No preâmbulo do projecto do BE pode ler-se: “encarar a vida na perspetiva dos direitos que a configurem como experiência de liberdade implica que o direito inalienável de cada um/a fazer as escolhas fundamentais sobre a sua vida primado os direitos e da livre decisão pessoal.” De facto, também para Nozick é imprescindível uma posição neutra do Estado, face às escolhas voluntárias de adultos conscientes. No entanto, esta lógica do “Estado mínimo”, um Estado que não viole a autonomia de cada um, é, no meu entender, uma violação da base identitária dos partidos de esquerda.
Ou seja, Nozick sugere que: "um Estado mínimo, limitado às estreitas funções de proteção contra a violência, o roubo e a fraude, garantia do cumprimento de contratos, etc…, justifica-se (...) qualquer Estado mais extenso violaria o direito das pessoas de não serem obrigadas a fazer certas coisas e, portanto, não se justifica”.

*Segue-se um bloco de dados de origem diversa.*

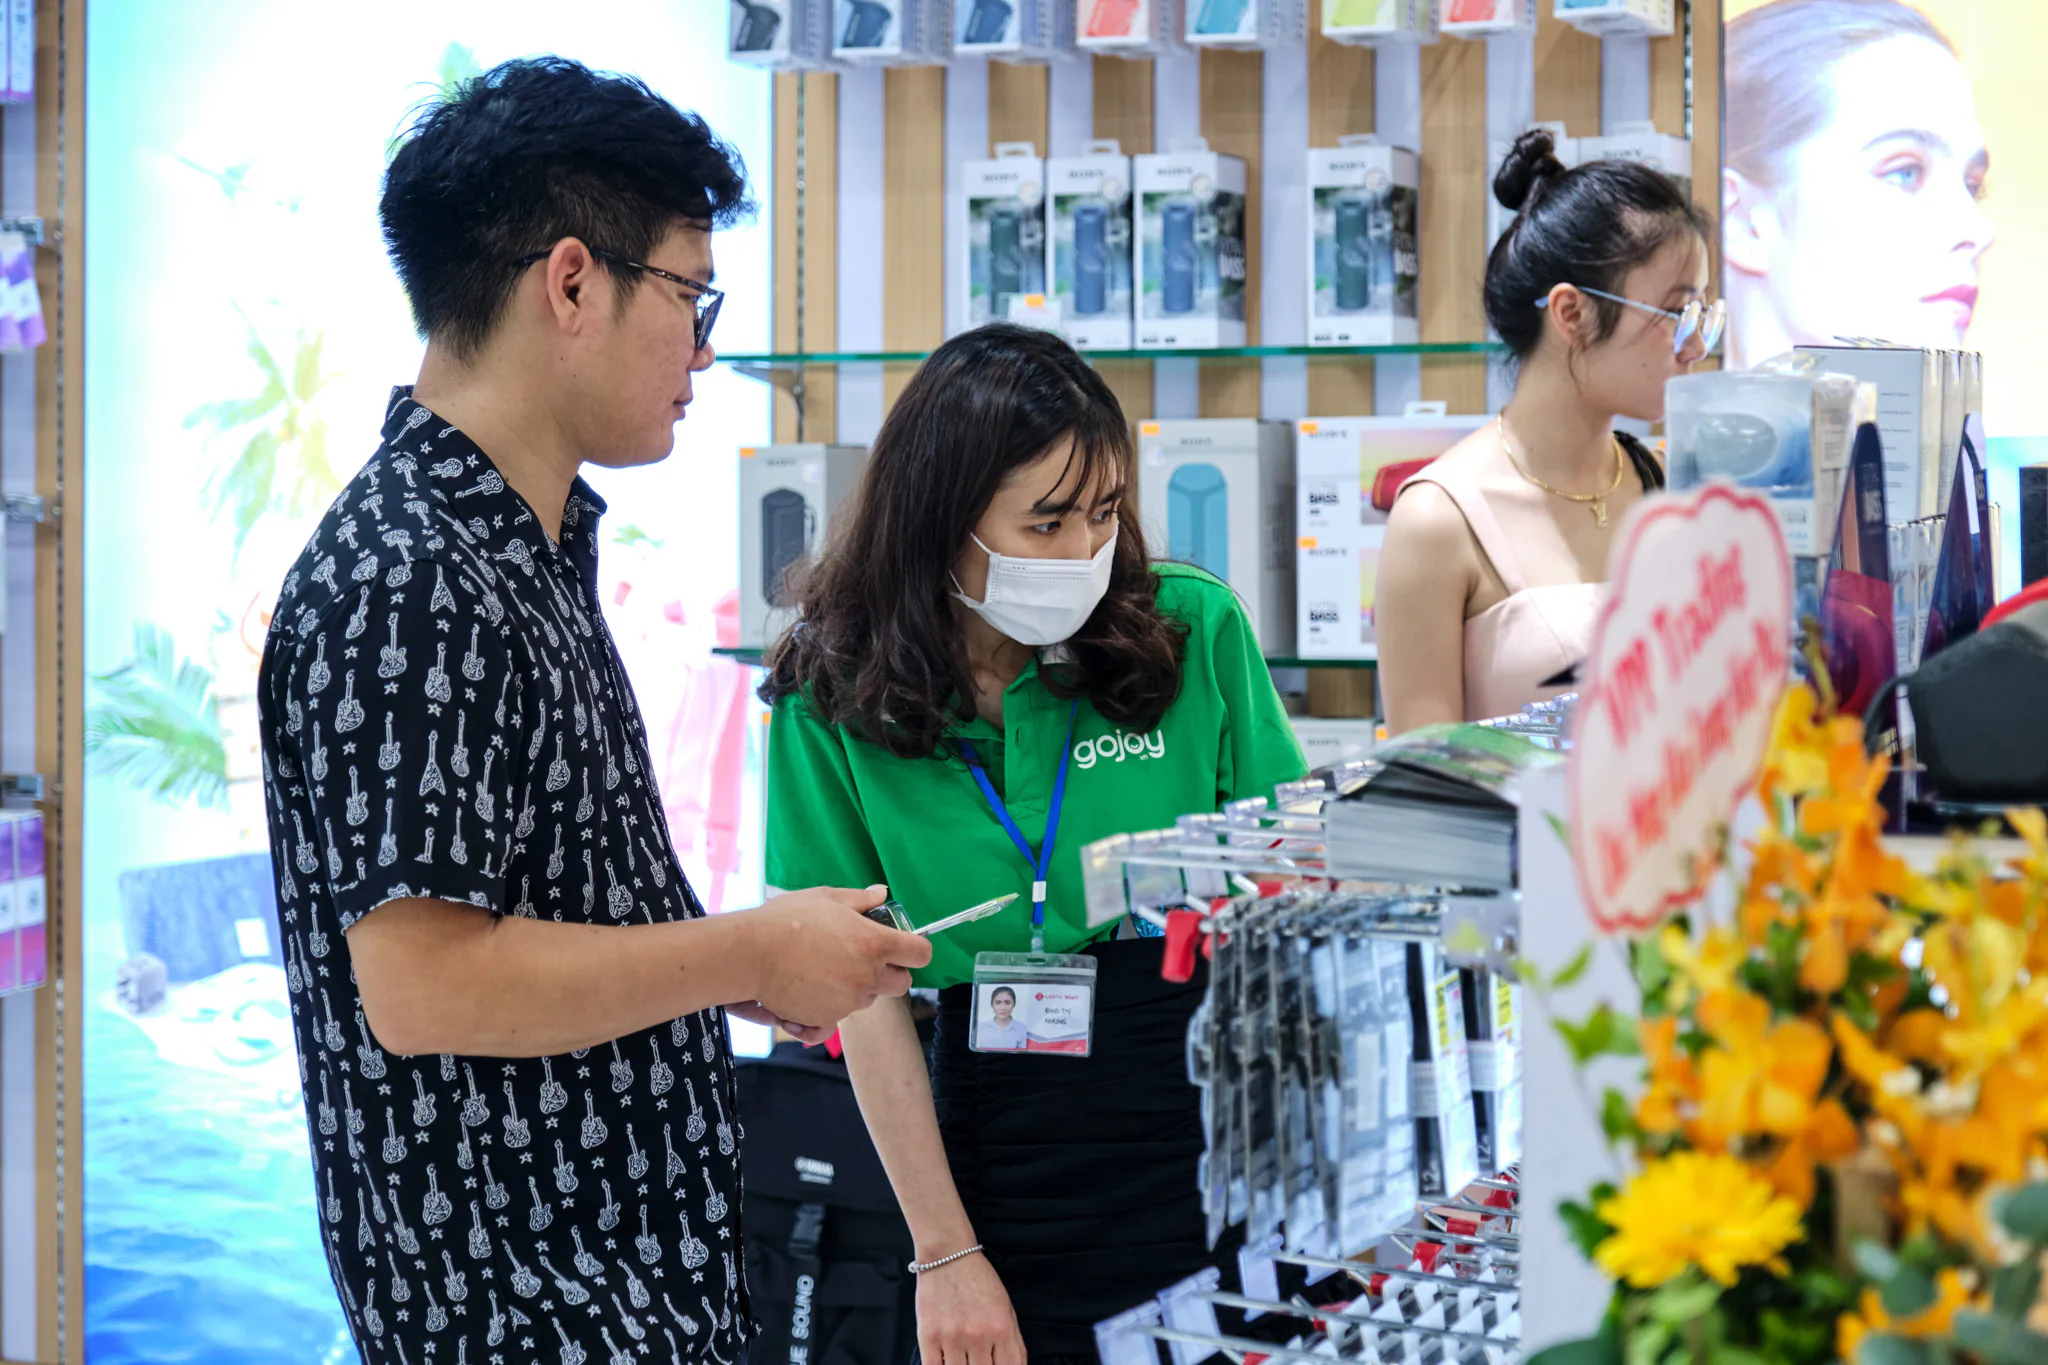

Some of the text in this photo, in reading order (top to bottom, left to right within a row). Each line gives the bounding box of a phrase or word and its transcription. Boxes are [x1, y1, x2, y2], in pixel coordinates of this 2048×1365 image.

Assim, tal como sublinha o PS ao reafirmar “o entendimento que perfilhamos de que o Estado não pode rejeitar a autonomia das pessoas para fazerem livre e esclarecidamente as suas escolhas pessoais de acordo com os seus valores, ou, caso contrário, teríamos uma conceção moral dominante imposta ao resto da sociedade”, também Nozick defende o princípio da não interferência. Logo, se por um lado, considera eticamente legítimo o uso de impostos para fins que sirvam a todos e cada um dos cidadãos, como polícia, estradas, bombeiros, proteção civil e outros serviços indispensáveis, por outro, o uso de impostos para redistribuição de bens são, na filosofia libertária, eticamente inaceitáveis.
Mais, no seu entender, os impostos usados para este fim, constituem uma lógica de trabalho forçado uma vez que ninguém consentiu em “ajudar os outros” e, portanto, deve ser considerada uma coerção indevida do Estado ao cidadão. Neste sentido de não interferência do Estado, seria considerado imoral, o Sistema Nacional de Saúde, a segurança social, a educação pública e outras iniciativas pagas com os nossos impostos.
Assim, neste sentido de “dono de si mesmo”, cada cidadão terá o direito: a não pagar impostos que sirvam a justiça redistributiva (SNS, escolas, pensões...), a não enviar os filhos para a escola, a não vacinar as crianças.
Mas enfim, terão o direito a: pedir para morrer.
Afinal, em que ficamos senhores deputados?